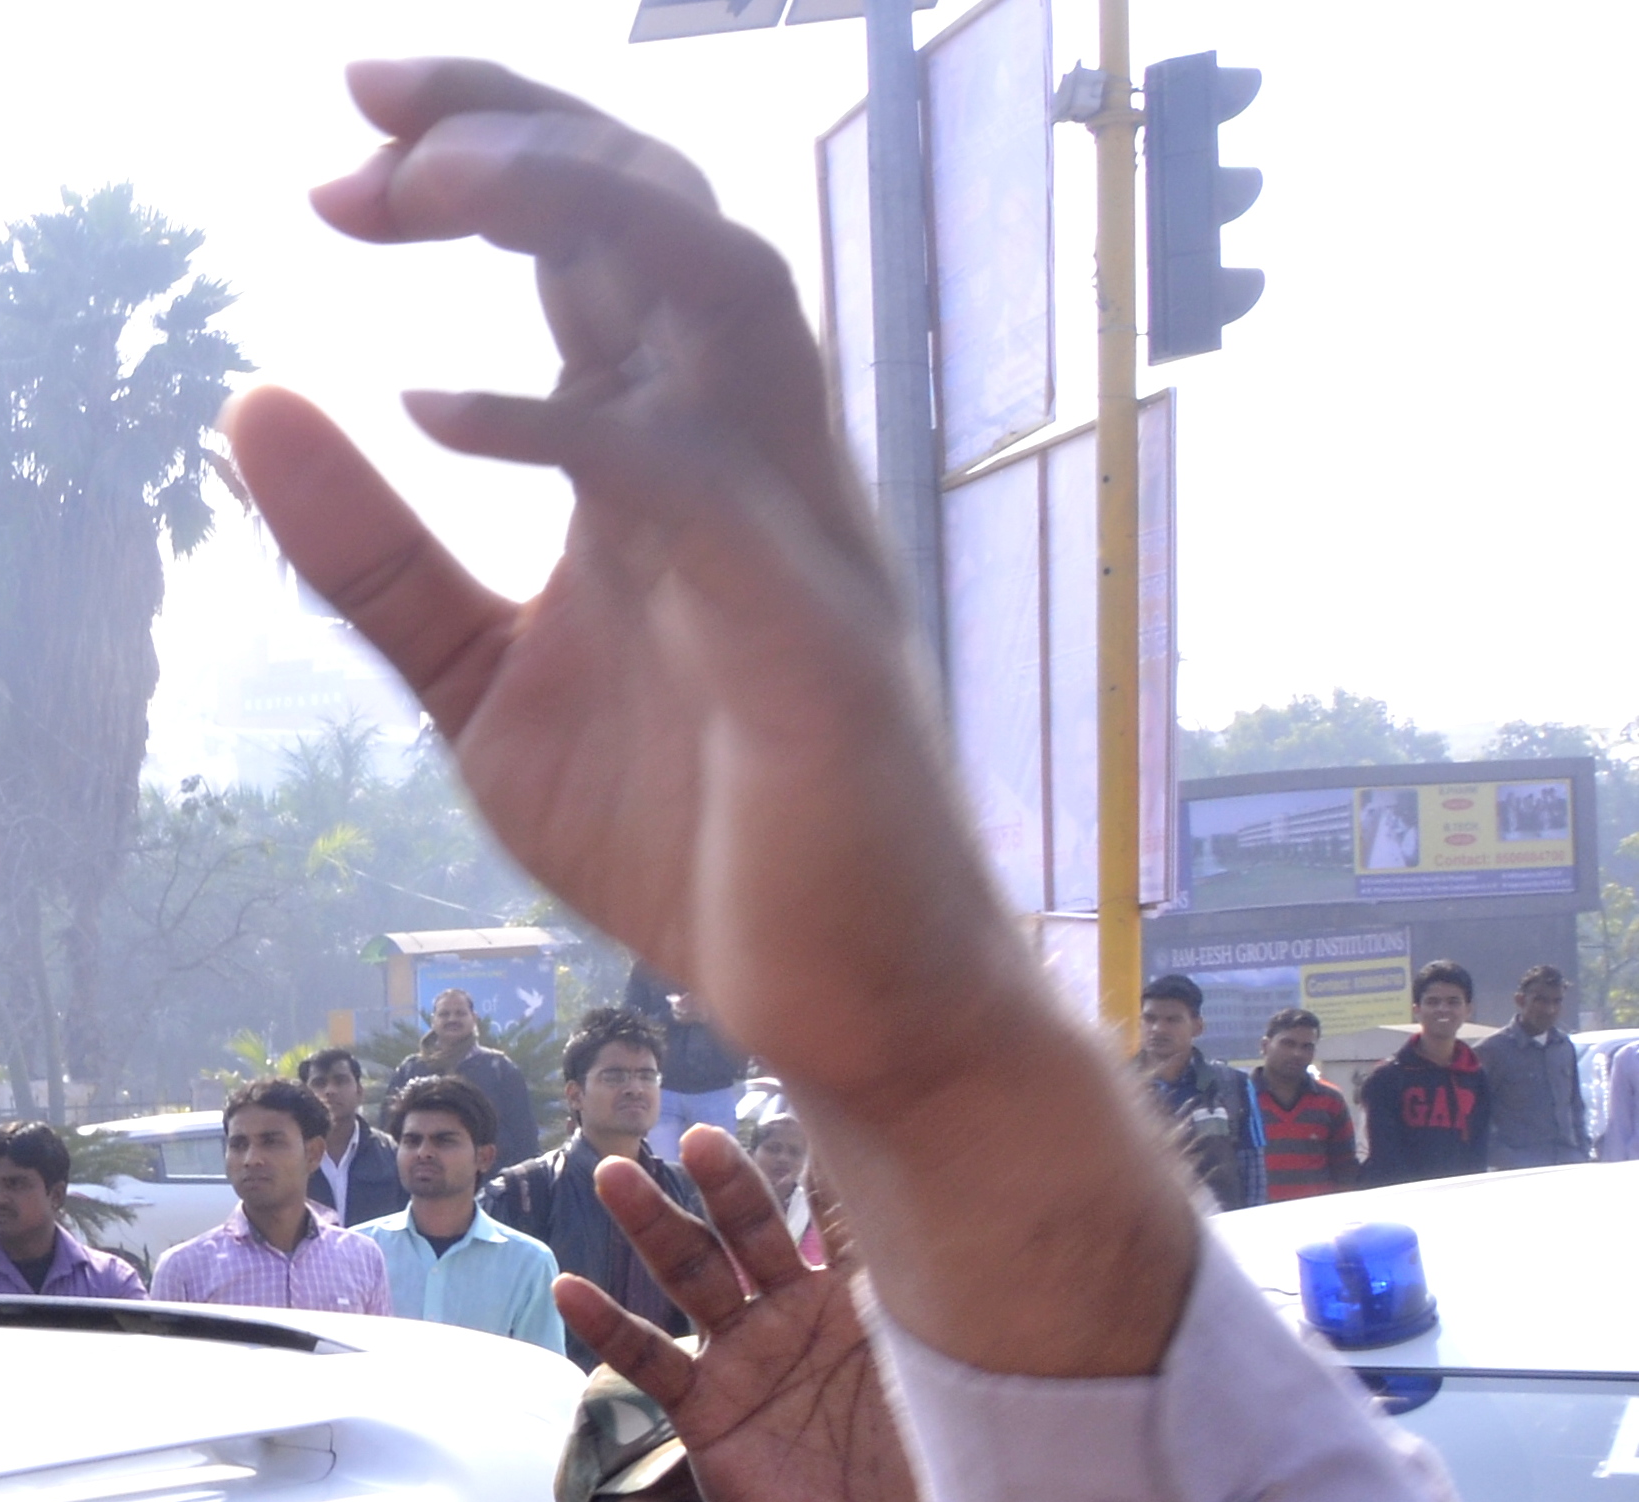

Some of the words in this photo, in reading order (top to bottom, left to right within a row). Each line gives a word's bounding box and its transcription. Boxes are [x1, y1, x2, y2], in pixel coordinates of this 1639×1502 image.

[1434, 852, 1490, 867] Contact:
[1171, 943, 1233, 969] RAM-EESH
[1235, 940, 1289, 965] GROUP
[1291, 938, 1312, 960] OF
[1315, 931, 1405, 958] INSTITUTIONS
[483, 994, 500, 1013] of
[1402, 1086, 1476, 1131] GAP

§ **EXERCISE OBJECTIVE**: Return every line above exactly, omitting images.

§ **SOLUTION**:
Some of the words in this photo, in reading order (top to bottom, left to right within a row). Each line gives a word's bounding box and its transcription. Boxes are [x1, y1, x2, y2], in pixel coordinates of this 1639×1502 image.

[1434, 852, 1490, 867] Contact:
[1171, 943, 1233, 969] RAM-EESH
[1235, 940, 1289, 965] GROUP
[1291, 938, 1312, 960] OF
[1315, 931, 1405, 958] INSTITUTIONS
[483, 994, 500, 1013] of
[1402, 1086, 1476, 1131] GAP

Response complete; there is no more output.